My boyfriend of 5 months and I broke up two days ago but he says he still loves me. I broke up with him mainly because he does not ever do anything romantic. I have talked to him about it and he understands, but still refuses to give me what I need. I just do not feel like I am priority to him. He calls me all the time and we always do things together. We have great conversation, but no romance. We did at first, but it was very minimal and I do not understand why he does not want to continue to do it.

He even said he might need to talk to a counselor about why he is this way. He says he still loves me and could picture me being his wife someday. I just don't get him. If you love somebody don't you want to please them and want them to feel loved? I guess it is all just BS, and maybe he really does not love me, but just does not want to give up a good thing? What do you think?

13 Dec 2005
Name: Nona
Age: 27

Dear Nona,

For whatever reason, your ex is uncomfortable being intimate with you.  Do you know anything about his sexual history? Is this type of thing a pattern for him in relationships? If so, then this has absolutely nothing to do with you and everything to do with him. Maybe your guy isn’t interested in women in a romantic sense, but dates them because he enjoys their friendship and is confused about his sexuality, or perhaps he endured a painful sexual experience when he was younger and now being physically intimate is traumatic for him?

He has no problem saying “I love you”, having meaningful conversations with you or telling you he wants you to be his future wife, but when it comes to the physical, he can’t – he won’t – provide. Emotionally, he’s a picture-perfect boyfriend! Most guys get squeamish talking about one month from now let alone marriage! But not your guy, no, he’s comfortable as can be expressing his love. The problem is that he won’t physically articulate it. Don’t you see what he’s done? He’s taken the one thing out of your relationship that makes him squirm with discomfort: the sex.

Hmm – sounds just a tad unfair to me. And by “tad” I mean very!

It would be one thing if you two had agreed you were better off just as friends, but that’s not what’s going on here. Instead, during your relationship none of your needs were getting met (and hello, those needs are important) while all of his were!

Of course he wants you back! For him, it was the perfect relationship.

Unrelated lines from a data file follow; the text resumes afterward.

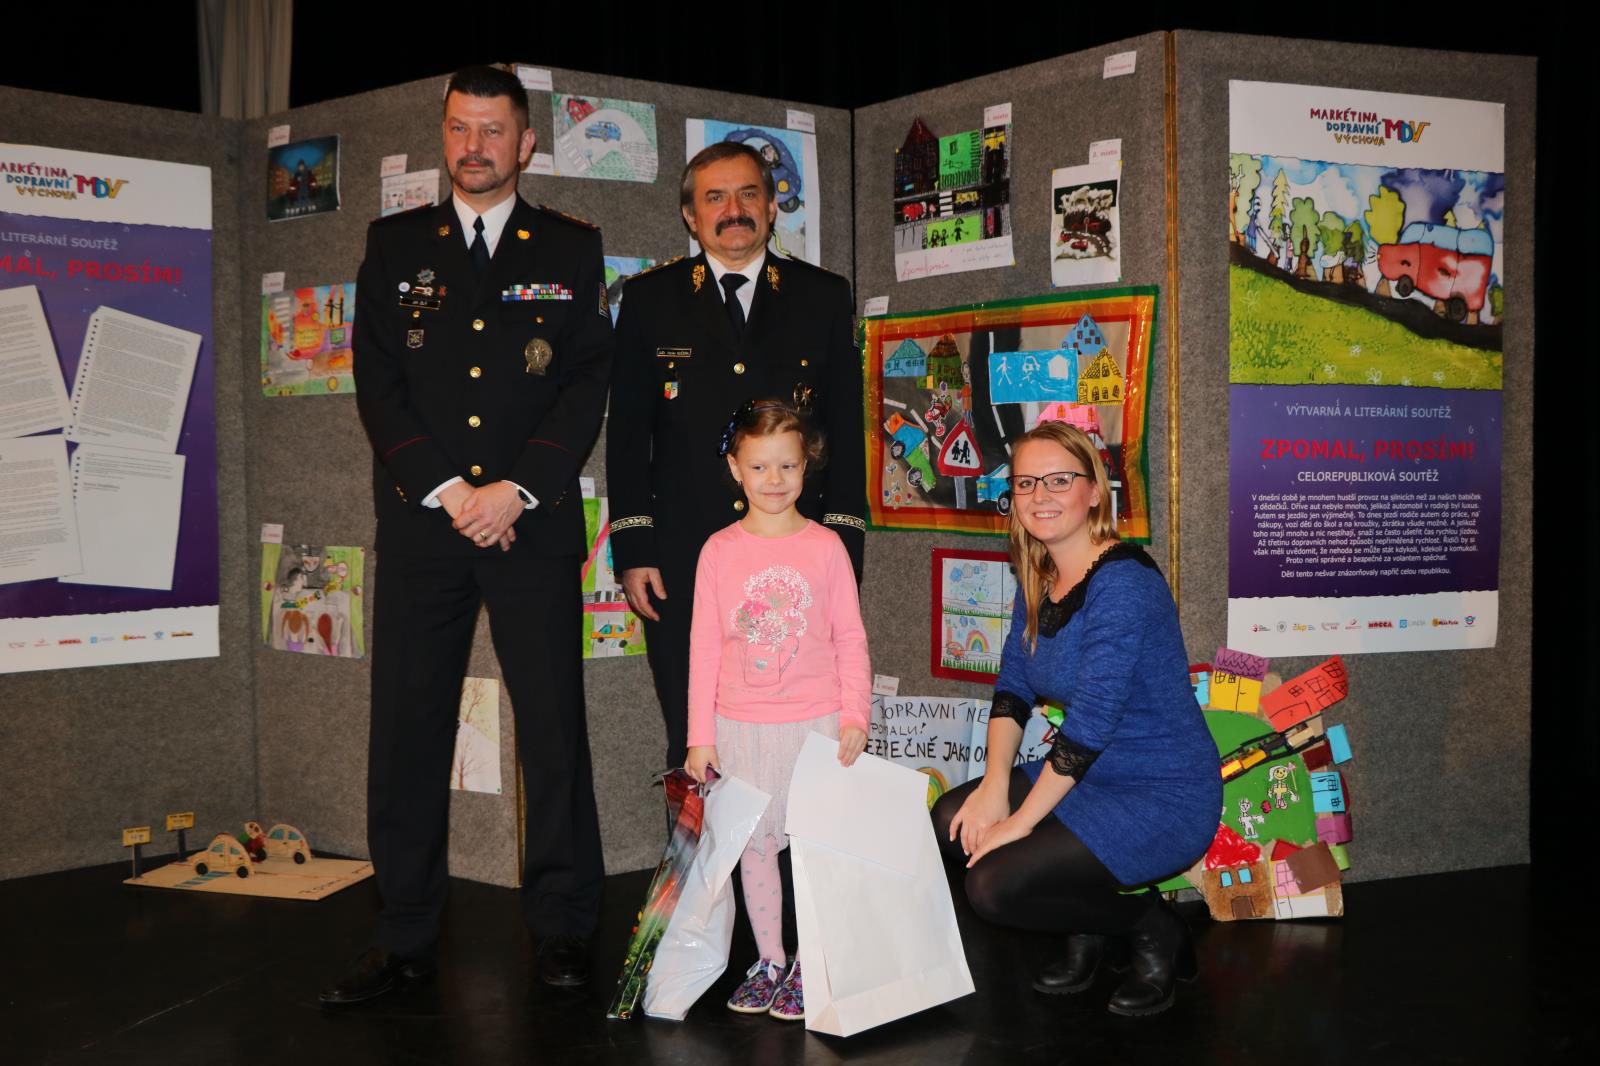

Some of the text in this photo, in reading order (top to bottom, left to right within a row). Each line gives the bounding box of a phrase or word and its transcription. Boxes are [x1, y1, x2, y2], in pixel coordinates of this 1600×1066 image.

[1310, 107, 1378, 123] MARKÉTINA
[1326, 121, 1382, 135] DOPRAVNÍ
[1381, 118, 1431, 143] MDV
[1334, 133, 1385, 146] VÝCHOVA
[0, 161, 69, 178] ARKÉTINA
[6, 174, 73, 189] DOPRAVNÍ
[73, 174, 129, 199] MDV
[16, 185, 77, 200] VÝCHOVA
[1, 231, 118, 250] LITERÁRNÍ SOUTĚŽ
[66, 258, 182, 286] PROSÍM!
[1286, 403, 1451, 419] VÝTVARNÁ A LITERÁRNÍ SOUTĚŽ
[1261, 433, 1473, 463] ZPOMAL, PROSÍM!
[1297, 469, 1439, 481] CELOREPUBLIKOVÁ SOUTĚŽ
[1299, 494, 1306, 502] je
[1357, 493, 1379, 502] provoz
[1260, 502, 1289, 510] dědečků.
[1322, 503, 1344, 511] nebylo
[1370, 503, 1391, 511] jelikož
[1287, 512, 1308, 521] jezdilo
[1309, 512, 1320, 521] jen
[1383, 512, 1398, 520] jezdí
[1450, 511, 1470, 519] práce,
[1257, 521, 1284, 529] nákupy,
[1354, 520, 1380, 528] kroužky,
[1456, 519, 1476, 527] jelikož
[1270, 530, 1285, 539] mají
[1436, 529, 1458, 537] rychlou
[1291, 538, 1327, 547] dopravních
[1349, 537, 1373, 546] způsobí
[1375, 537, 1414, 546] nepřiměřená
[1415, 537, 1441, 545] rychlost.
[1460, 537, 1469, 545] by
[1286, 548, 1318, 556] uvědomit,
[1363, 545, 1380, 553] může
[1395, 546, 1419, 554] kdykoli,
[1353, 555, 1382, 564] bezpečné
[1380, 569, 1399, 577] napříč
[1418, 568, 1451, 576] republikou.
[866, 736, 938, 758] EZPEČNĚ
[943, 741, 970, 762] JAKO

But for you, it was not. You had every right to end that relationship for the reasons you did – after all, there are other guys you can just pal around with, what you were looking for in your boyfriend was romance!

If you decide you love him and want to give it another try, then I would highly recommend urging him to seek therapy because there’s definitely an underlying issue that needs to be resolved. And just the fact that he’s already suggested going to counseling tells me he realizes there is something beneath the surface – something he may not even be consciously aware of – that he needs to work on.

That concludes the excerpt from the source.